Meet Our Alumni
Allyx Schiavone, Alumna and Executive Director of Friends Center for Children

Allyx Schiavone

Early Childhood General Education '94

Our program at Friends Center is child-centered, hands-on, play-based, and family-focused. All of this came from Bank Street.

As a teenager working summer jobs with children, Allyx Schiavone dreamed of running her own schooI. She knew that it would be a place where every young child had a voice—and was heard.

“For me, school was my safe place,” Allyx has said. “My voice was lost in childhood because my personal, physical and emotional boundaries were ignored. I was not safe. At the same time, my racial and fiscal privilege afforded me strong medical care, life opportunities and access to high-quality education.”

Allyx excelled in safe places. After graduating from Union college, she earned a master’s degree in both early childhood and elementary education at Bank Street College, a place she credits with shaping her entire educational career. After Bank Street, Allyx held a variety of teaching jobs, working in programs from nursery through sixth grade in New York City, including teaching first grade for eight years before moving to Connecticut, where she raised her children and worked as an educational consultant and curriculum developer.
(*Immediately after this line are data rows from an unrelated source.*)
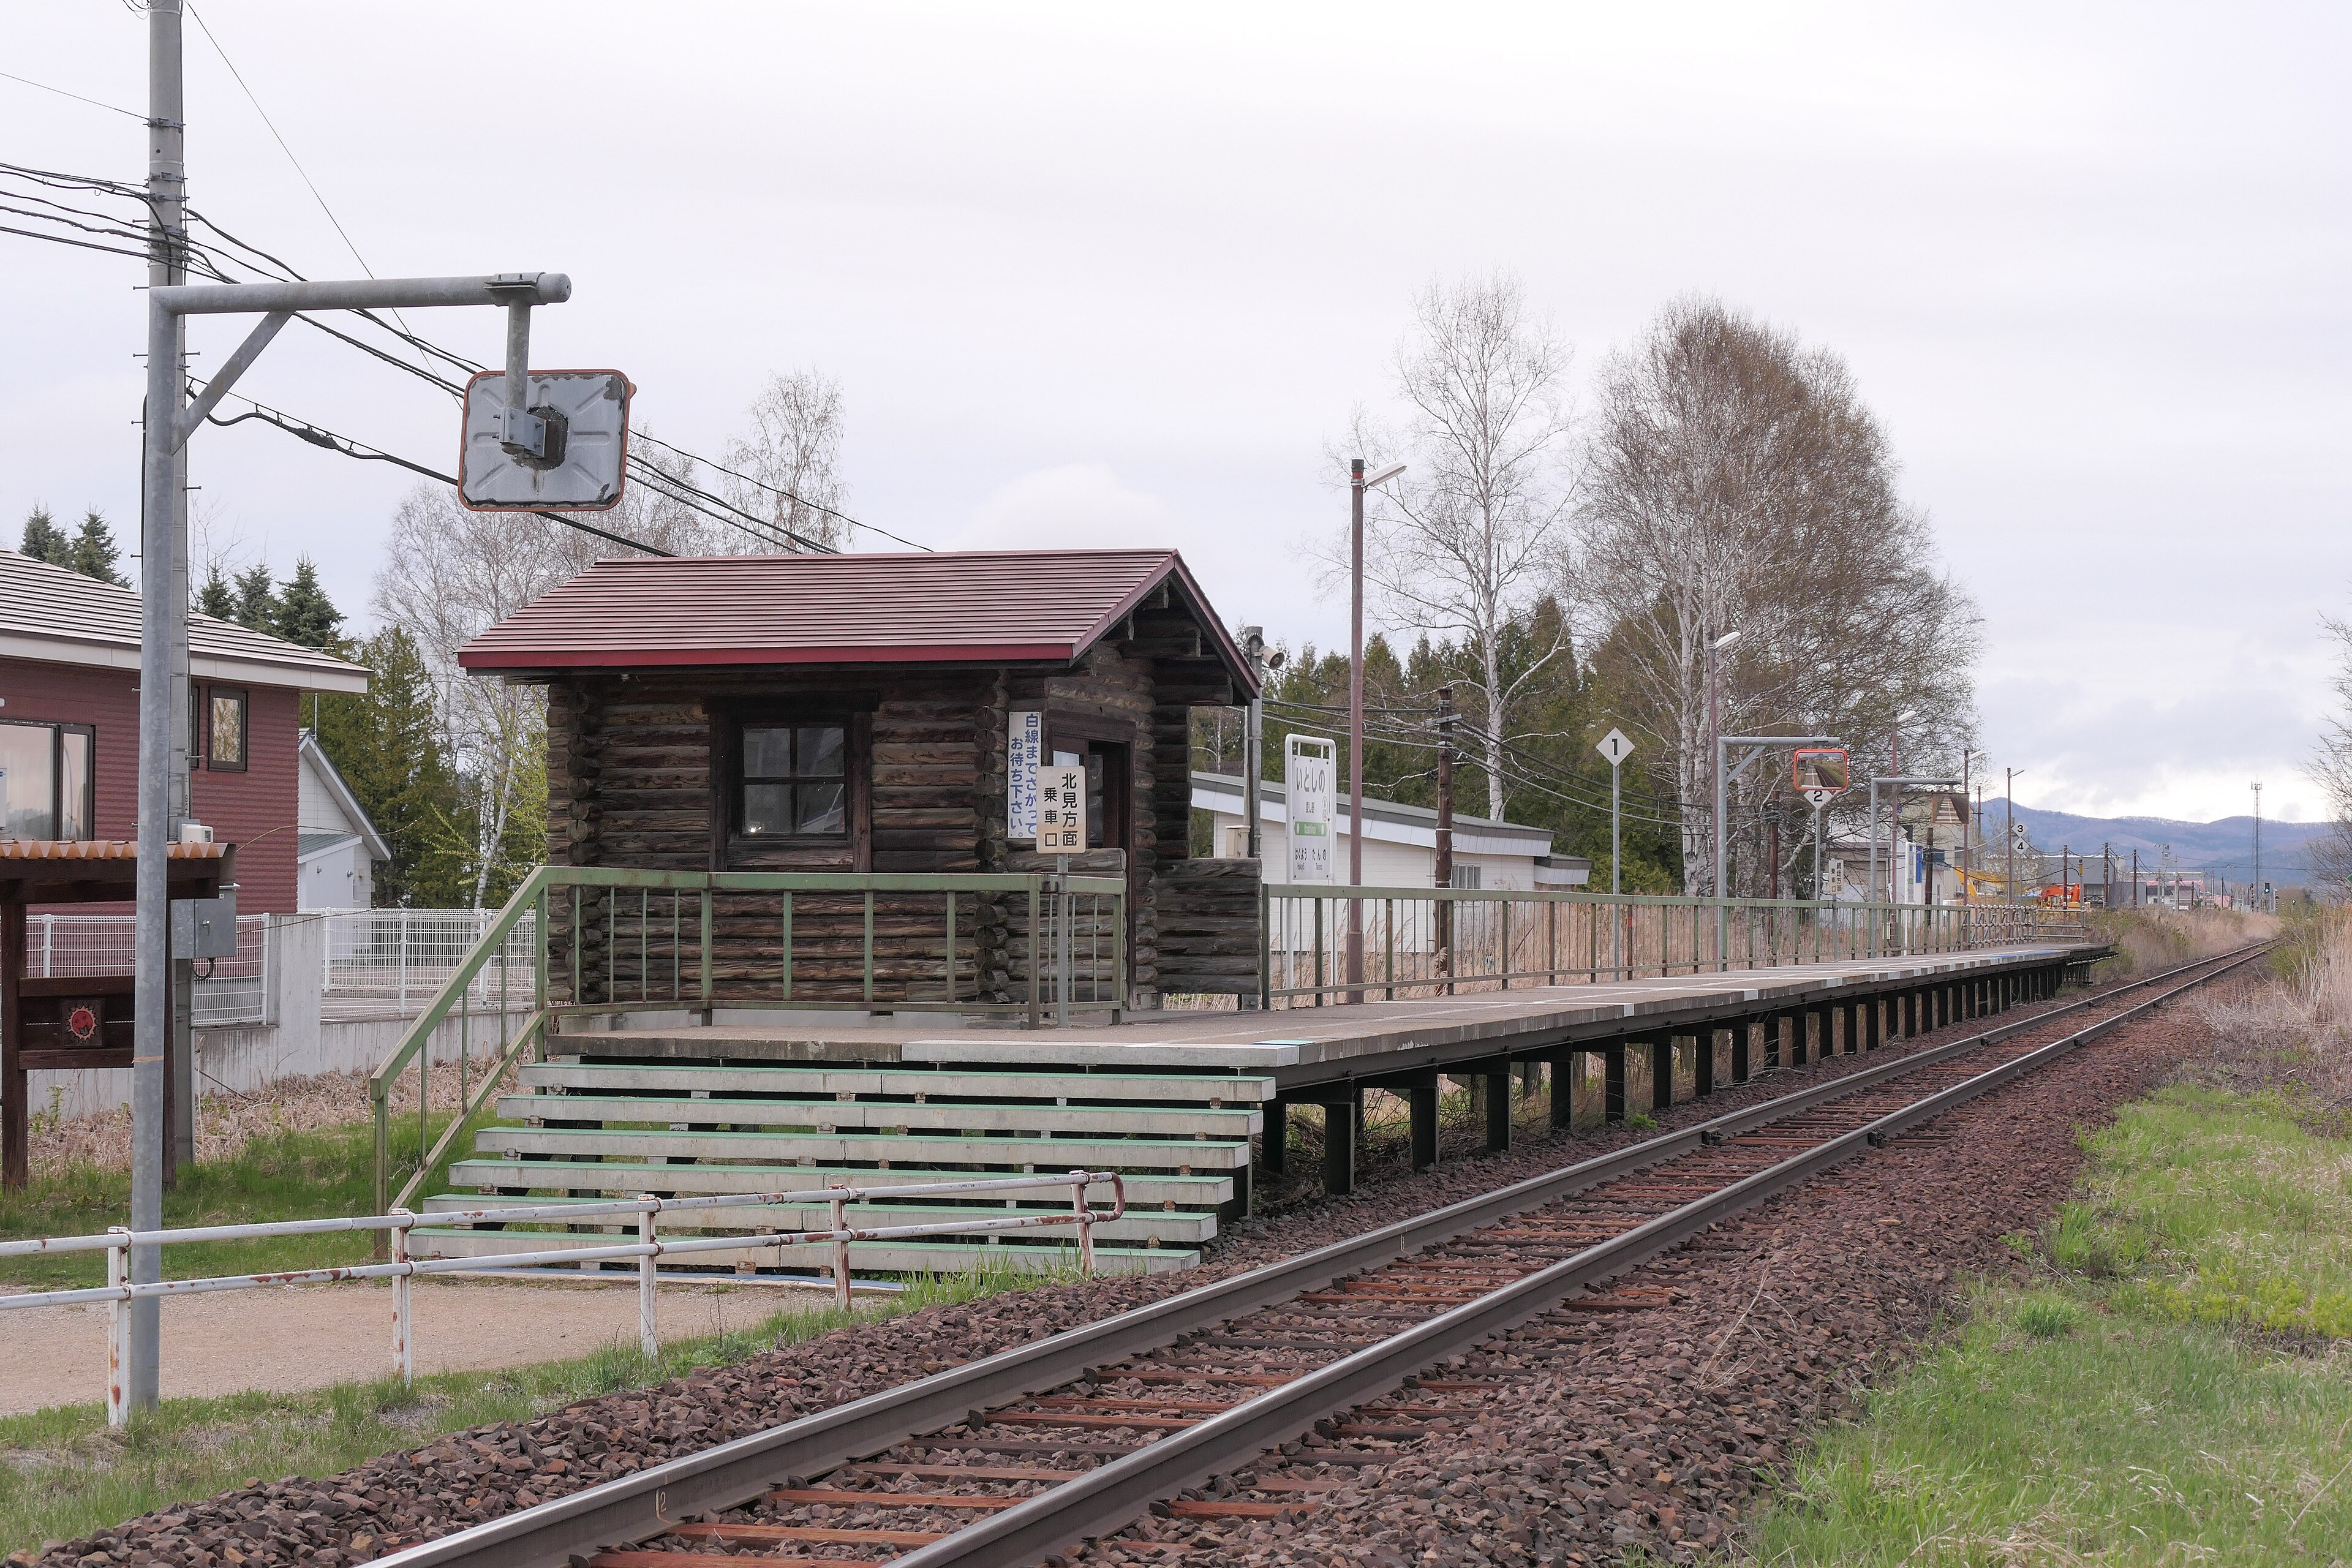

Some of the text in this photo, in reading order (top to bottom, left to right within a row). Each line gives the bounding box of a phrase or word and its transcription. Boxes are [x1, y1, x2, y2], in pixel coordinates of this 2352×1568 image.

[1611, 738, 1618, 756] 1
[1009, 737, 1024, 837] お待ち下さい。
[1025, 714, 1039, 835] 白線までさがって
[1297, 767, 1325, 794] いとしの
[1814, 790, 1823, 802] 2
[1044, 787, 1058, 846] 乗車口
[1061, 773, 1078, 846] 北見方面
[2017, 842, 2024, 850] 4
In 2009, Friends Center for Children (FCfC), a new, independent early childhood education center in the Fair Haven section of New Haven, CT, offered Allyx the job as its first executive director—and the chance to achieve her dream of running her own school. The program began in the basement of Friends Center’s Quaker church with four children and has grown to serve 122 infants and preschoolers in two New Haven locations, with a 3 year growth plan to serve an additional 175 children in two new sites.
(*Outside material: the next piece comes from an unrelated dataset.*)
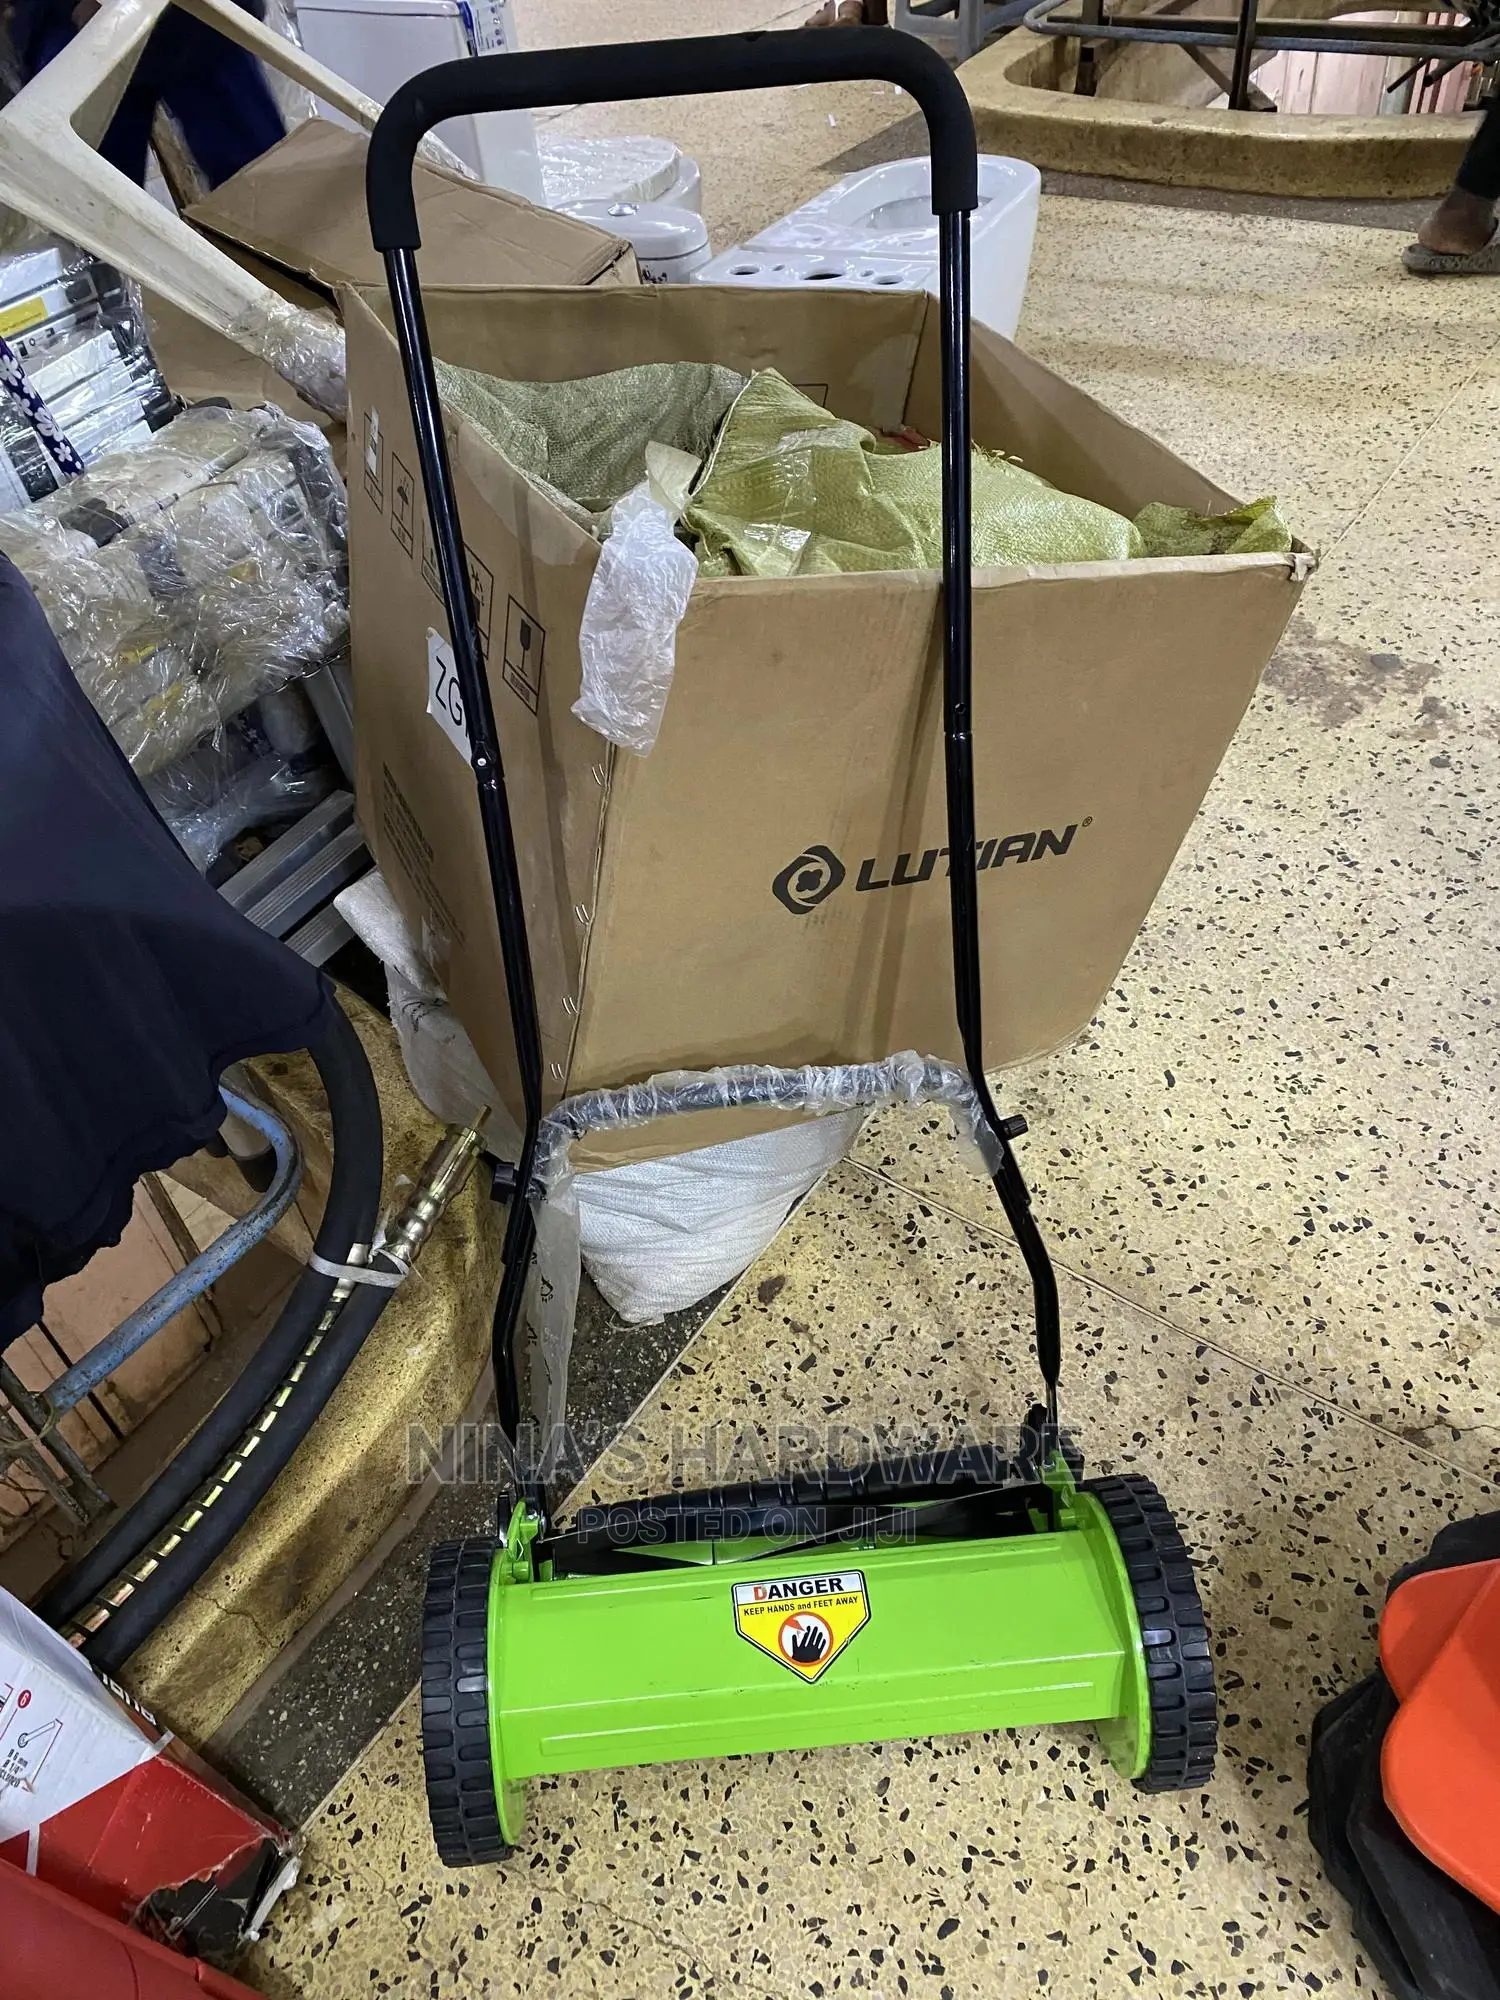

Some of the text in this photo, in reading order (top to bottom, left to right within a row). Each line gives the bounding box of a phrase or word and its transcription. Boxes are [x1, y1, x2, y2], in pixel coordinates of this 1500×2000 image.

As executive director, Allyx built from scratch a learning environment modeled on what she had learned at Bank Street about culturally, socially, and emotionally responsive practices. From these roots, she established the Friend Center’s Emotional Wellbeing Program, which is now a cornerstone of its curriculum.

“Our program at Friends Center is child-centered, hands-on, play-based, and family-focused,” Allyx said. “All of this came from Bank Street, and none of that has changed over the course of time. What has changed is the world around us.”

As Friends Center for Children grew, Allyx began to confront the issue of access and equity—how to offer access to high-quality early care and education to a much larger audience, encompassing all 15,000 children in the New Haven’s community. The majority of these households have two working parents, so child care is a critical aspect of the economy, yet little progress has been made to provide affordable, quality, hands-on, culturally relevant learning experiences across the spectrum of New Haven’s many diverse communities.

At a Trust for Learning meeting in 2017 focused on creating ideal learning environments, Allyx shared her ideas for growing child care options in New Haven with Bank Street’s president, Shael Polakow-Suransky, who offered encouragement and help. Allyx then partnered with Trust for Learning and a Bank Street research and development team led by Emily Sharrock, Associate Vice President of the Bank Street Education Center, and together they launched the New Haven Children’s Ideal Learning District (NH ChILD ) pilot program. The first of its kind in the nation, the NH ChILD program provided a citywide structure and a set of ideal learning principles with the goal of making high-quality early care and education available to all local children. In the ensuing years, this group has raised over $1 million, hired an executive director, and is working to build public awareness and enthusiasm to expand the city’s early care and education options with a lens on access and equity.

And then, COVID-19 arrived, and the local economy ground to a halt. Child care options shrank, most schooling was virtual, and economic hardships increased dramatically, particularly for those whose incomes had never been sufficient. Long before the pandemic, infant and preschool teachers’ salaries were so low that many struggled to stay afloat. COVID-19 simply exacerbated an already precarious financial situation. Allyx sought a way to do something about it, starting with her own school.

“In my 30 years of working in this field, I believe that there is not one parent who wants their child to be taught by a teacher who is overburdened, under-resourced, marginalized, undervalued, and who has no voice,” Allyx said.

She proposed an unusual way to help teachers in financial distress without raising tuition: The Friends Center Teacher Housing Initiative. Thanks to generous benefactors, two local homes were purchased and refurbished. Friends Center teachers were invited to apply to live in these homes rent free while they receive financial coaching and work to pay off debts and/or build a nest egg to purchase their own home. Four teachers were chosen for the initial program, which hopes to create 12 to 19 additional teacher housing units as funding becomes available.

“l had learned at Bank Street that I’m allowed to think outside the system, and I believe that bold measures are needed to change the status quo,” Allyx said. “Providing free housing to our teachers is not a bonus or a privilege. It is our attempt to counterbalance a system designed to marginalize an under-resourced and overburdened industry. We’re trying to help in a small way while shining a light on these marginalized but vital teachers.”